Referring expression grounding data
--- START ---

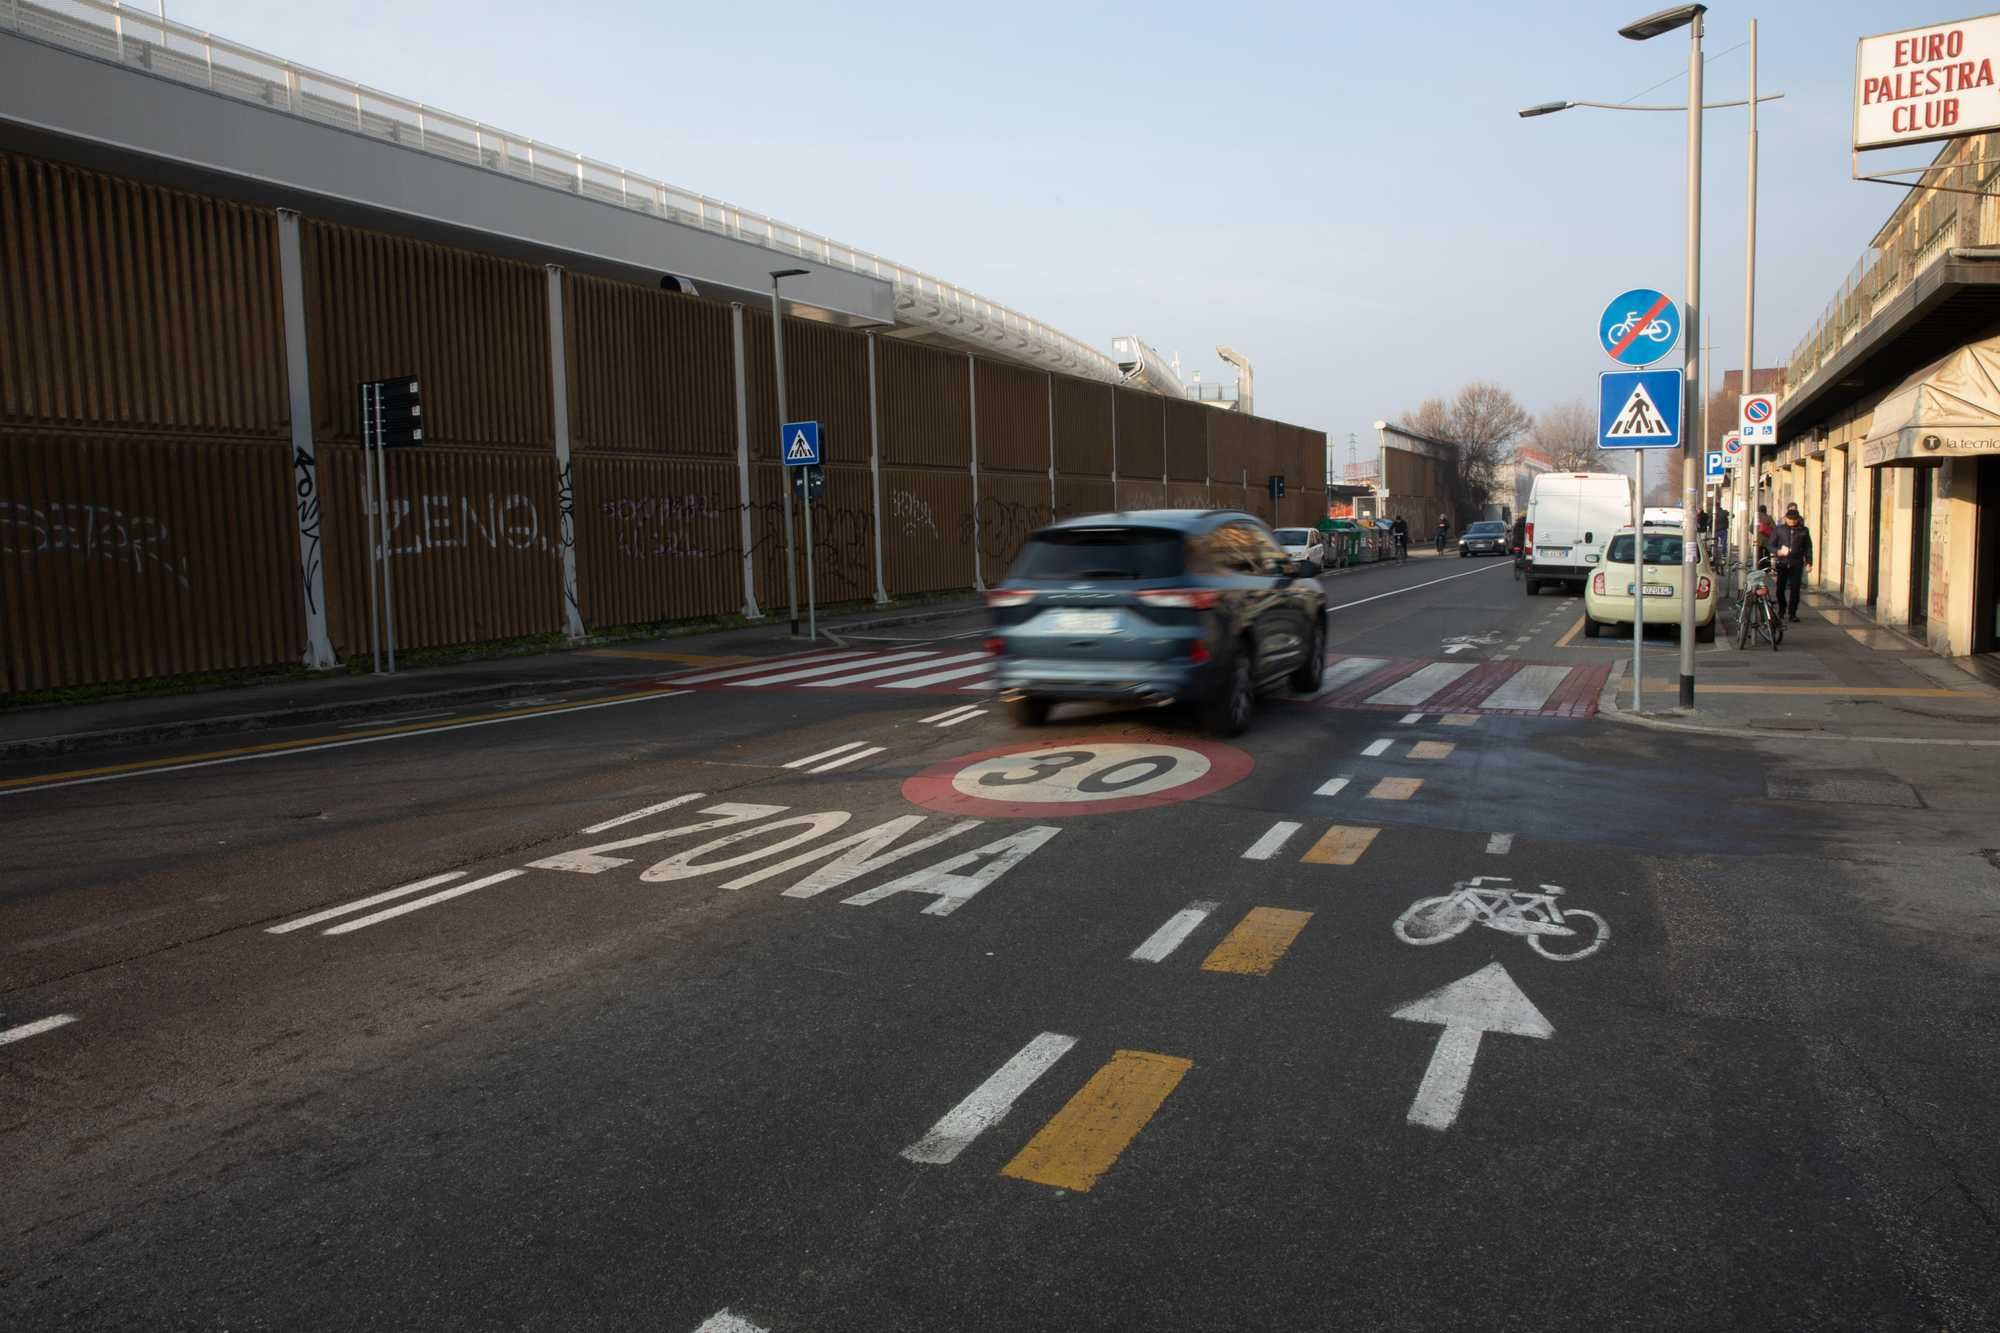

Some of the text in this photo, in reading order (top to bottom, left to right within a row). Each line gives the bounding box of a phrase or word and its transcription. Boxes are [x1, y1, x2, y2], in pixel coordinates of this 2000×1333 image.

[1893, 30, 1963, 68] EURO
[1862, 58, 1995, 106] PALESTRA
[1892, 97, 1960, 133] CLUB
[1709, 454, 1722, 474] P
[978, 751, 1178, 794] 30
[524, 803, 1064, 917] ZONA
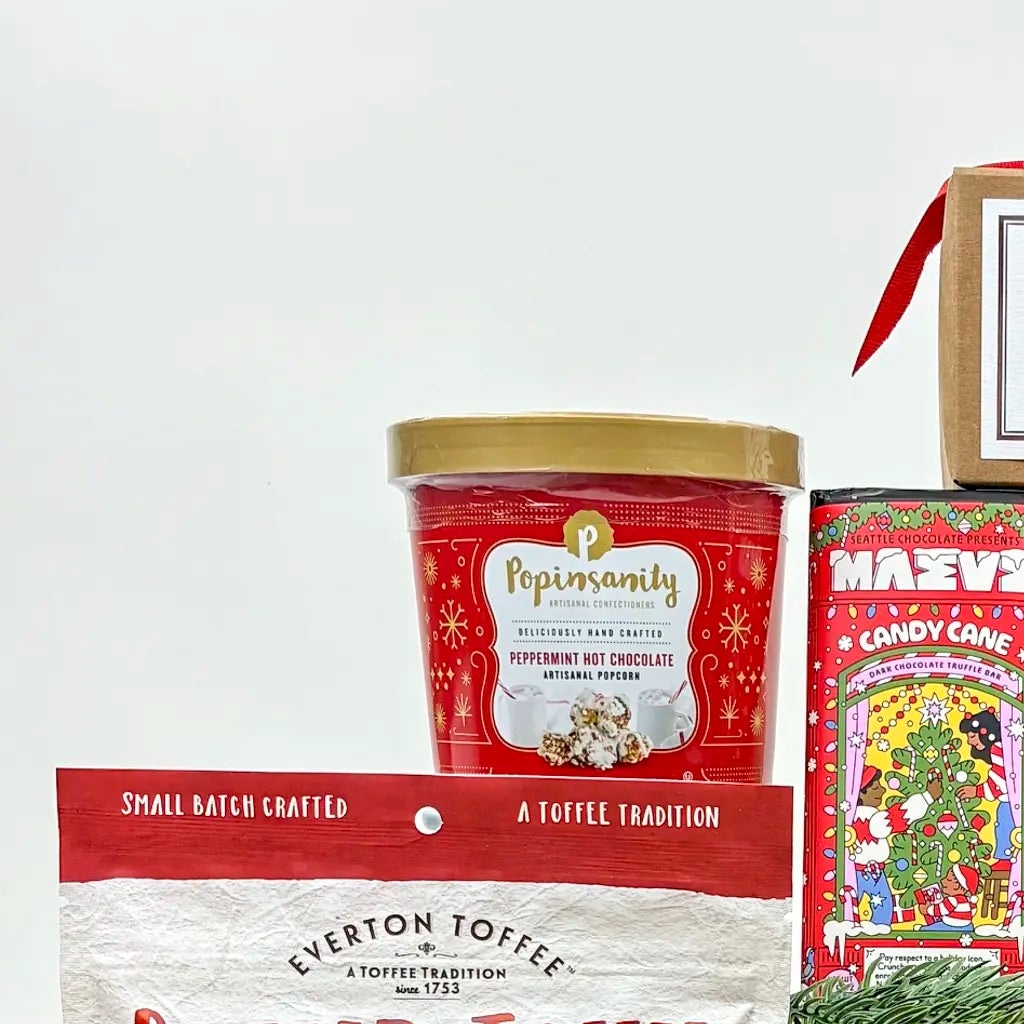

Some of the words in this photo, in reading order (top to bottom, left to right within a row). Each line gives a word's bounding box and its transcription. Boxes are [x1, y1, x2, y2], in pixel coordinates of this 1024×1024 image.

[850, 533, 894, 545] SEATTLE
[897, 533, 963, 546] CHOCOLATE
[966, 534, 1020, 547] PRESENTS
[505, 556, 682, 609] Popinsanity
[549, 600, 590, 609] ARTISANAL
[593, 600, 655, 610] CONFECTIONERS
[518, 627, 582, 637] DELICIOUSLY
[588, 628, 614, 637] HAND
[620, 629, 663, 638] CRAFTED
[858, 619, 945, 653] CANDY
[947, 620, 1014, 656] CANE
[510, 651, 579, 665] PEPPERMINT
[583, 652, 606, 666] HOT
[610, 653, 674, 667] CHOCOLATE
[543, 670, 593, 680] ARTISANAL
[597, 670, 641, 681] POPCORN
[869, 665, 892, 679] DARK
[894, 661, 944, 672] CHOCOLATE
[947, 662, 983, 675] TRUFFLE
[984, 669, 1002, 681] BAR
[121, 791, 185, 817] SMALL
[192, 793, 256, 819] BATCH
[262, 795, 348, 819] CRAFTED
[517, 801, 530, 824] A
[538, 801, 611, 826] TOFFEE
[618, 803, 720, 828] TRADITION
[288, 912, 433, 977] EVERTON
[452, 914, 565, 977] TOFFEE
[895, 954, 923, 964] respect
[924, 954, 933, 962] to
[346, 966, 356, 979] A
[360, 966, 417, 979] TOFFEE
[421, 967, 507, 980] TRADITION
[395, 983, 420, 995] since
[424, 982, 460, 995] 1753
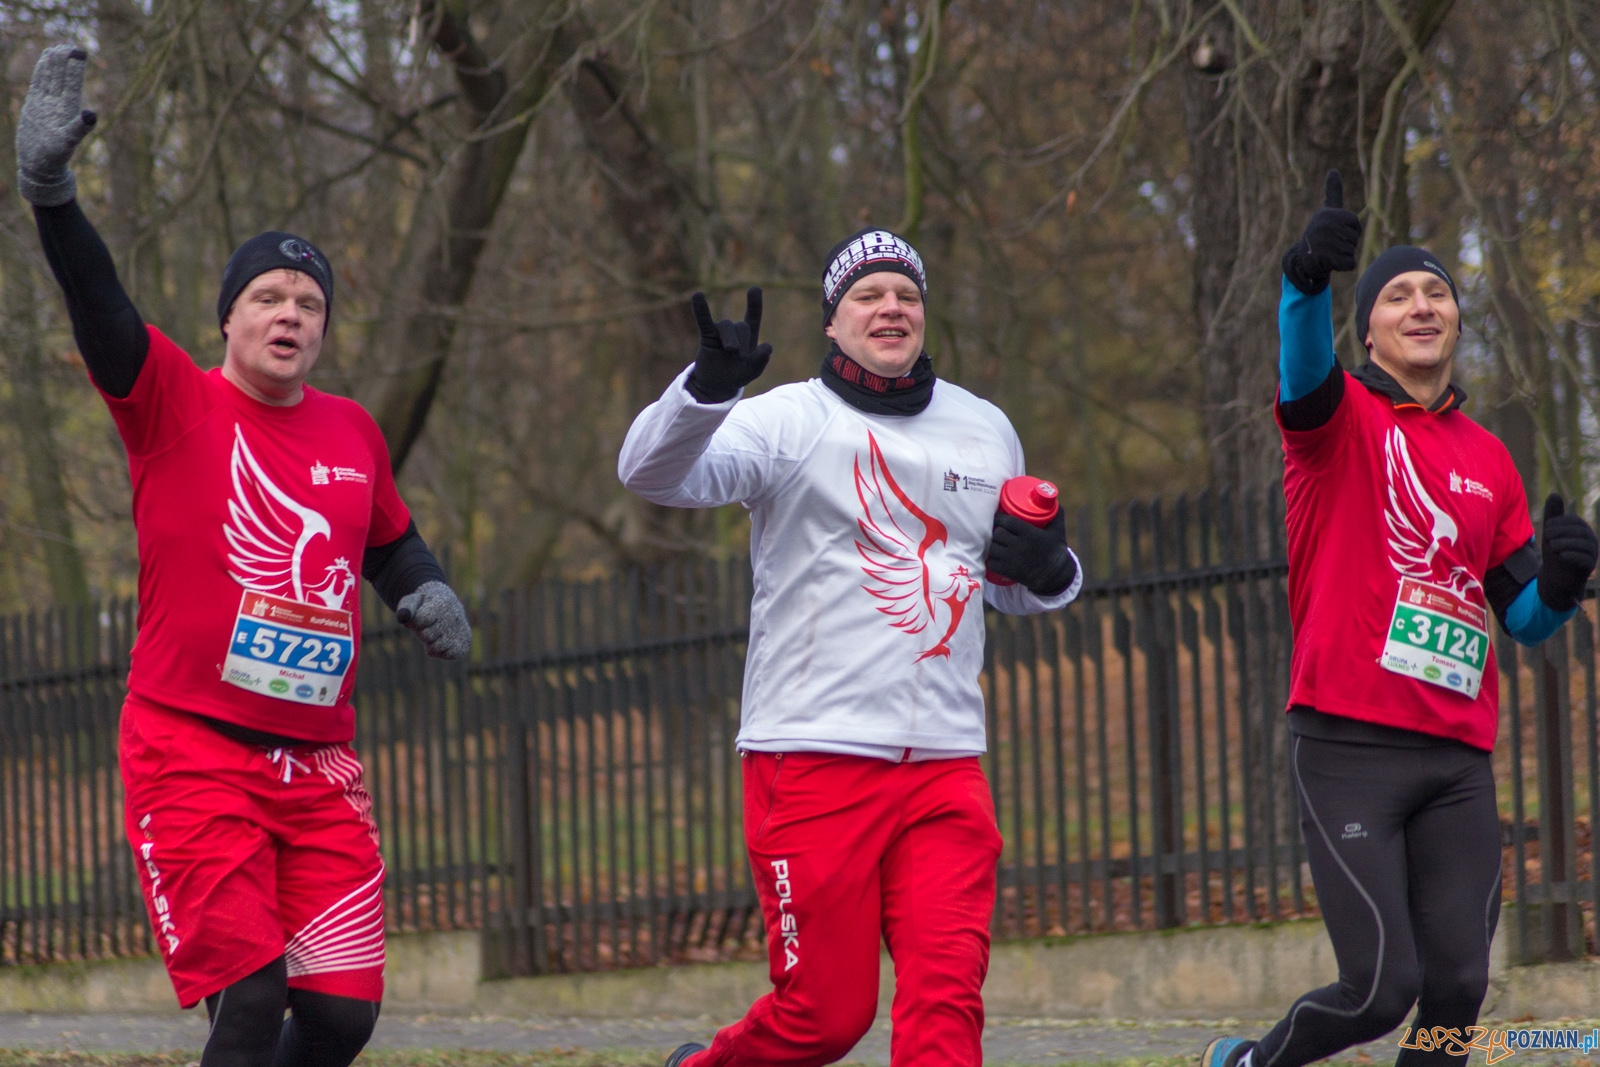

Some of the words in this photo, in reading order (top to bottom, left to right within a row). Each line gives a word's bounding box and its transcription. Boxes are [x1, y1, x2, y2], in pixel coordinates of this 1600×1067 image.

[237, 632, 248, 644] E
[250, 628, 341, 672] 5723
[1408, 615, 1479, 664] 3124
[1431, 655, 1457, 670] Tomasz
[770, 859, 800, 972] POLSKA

--- END ---

_EXERCISE DETAILS_
Only the lines from the one containing "this 1600×1067 image." through the end of the records above belong in the output, each exactly as it stands, both ends included.

_SOLVED PROBLEM_
Some of the words in this photo, in reading order (top to bottom, left to right within a row). Each line gives a word's bounding box and its transcription. Boxes are [x1, y1, x2, y2], in pixel coordinates of this 1600×1067 image.

[237, 632, 248, 644] E
[250, 628, 341, 672] 5723
[1408, 615, 1479, 664] 3124
[1431, 655, 1457, 670] Tomasz
[770, 859, 800, 972] POLSKA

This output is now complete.